Dia mengaku kesulitan untuk membatasi praktek prostitusi melalui media sosial. Alasannya, akun media sosial bersifat perorangan sehingga sulit ditindaklanjuti.
“Kalau perorangan susah, yang kita address sekarang yang sifatnya kepada publik, misalkan situs. Kan dikelola, organisasi yang ditujukan kepada publik. Kalau person to person, masing-masing repot,” ucap Rudiantara di Kompleks Istana Kepresidenan Jakarta, Senin (13/4/2015), dikutip dari Harianterbit.

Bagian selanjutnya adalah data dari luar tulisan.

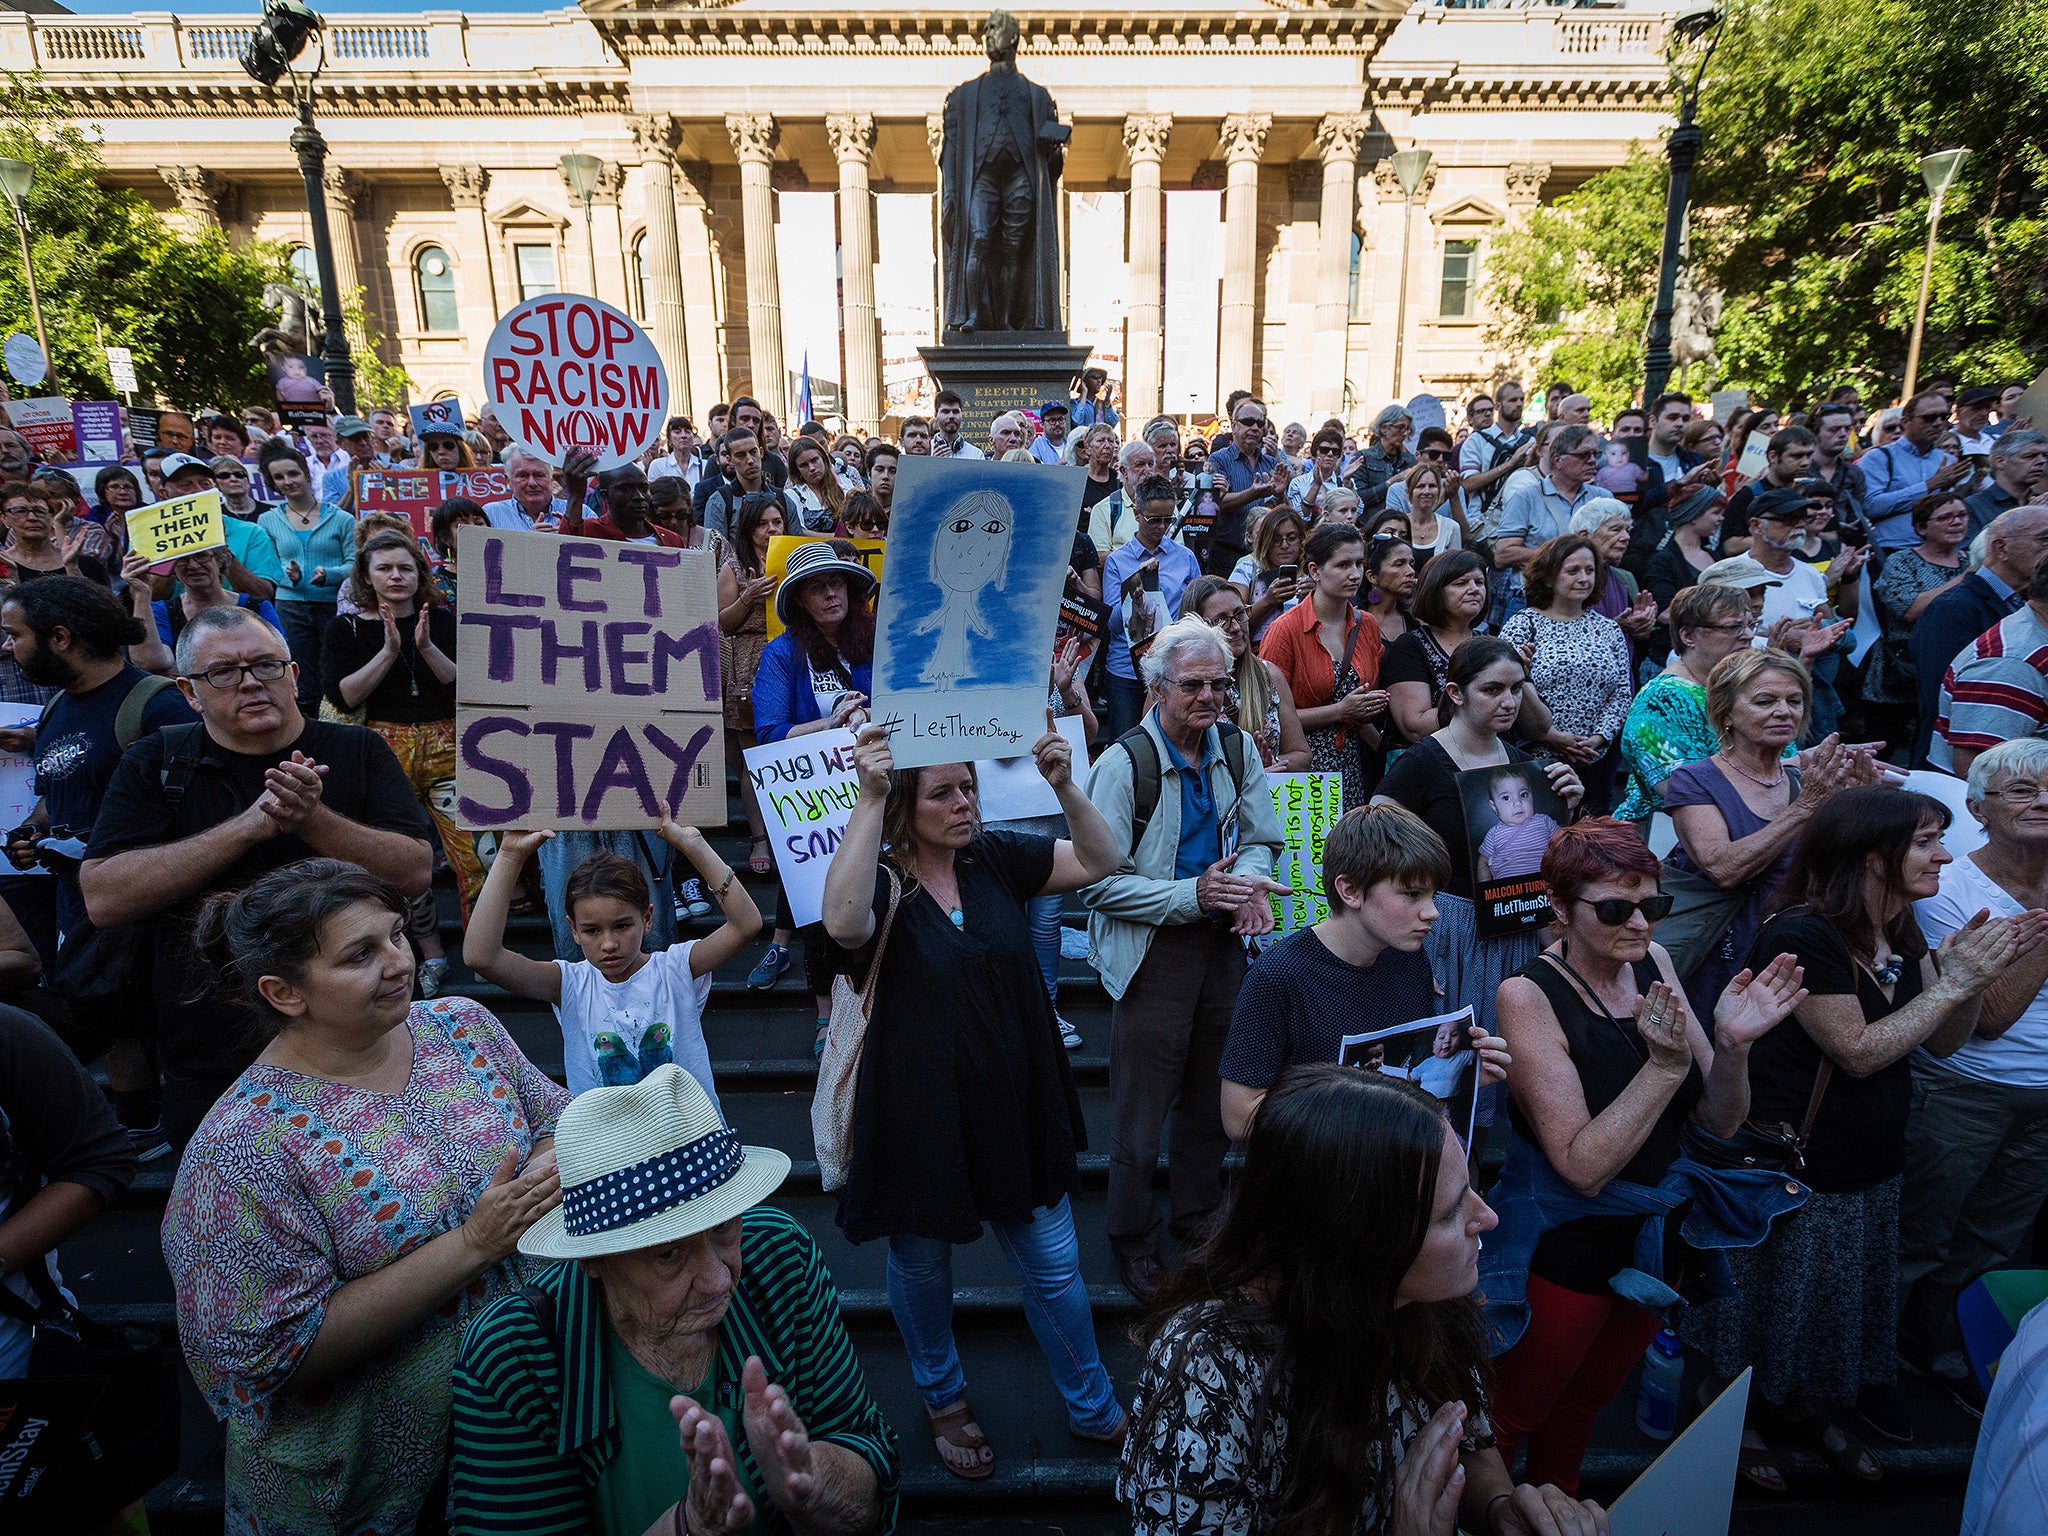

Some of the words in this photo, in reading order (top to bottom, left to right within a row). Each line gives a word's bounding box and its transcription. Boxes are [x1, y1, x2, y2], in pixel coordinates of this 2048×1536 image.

Rudiantara menanggapi fenomena prostitusi melalui media sosial seperti yang berkaitan dengan kasus pembunuhan terhadap Deudeuh Alfi Sahrin alias Empi. Netizen menyebut Deudeuh diduga pemilik akun @tataa_chubby di situs mikroblogging Twitter yang diduga berprofesi sebagai pezina perempuan atau pelacur. (azm/arrahmah.com)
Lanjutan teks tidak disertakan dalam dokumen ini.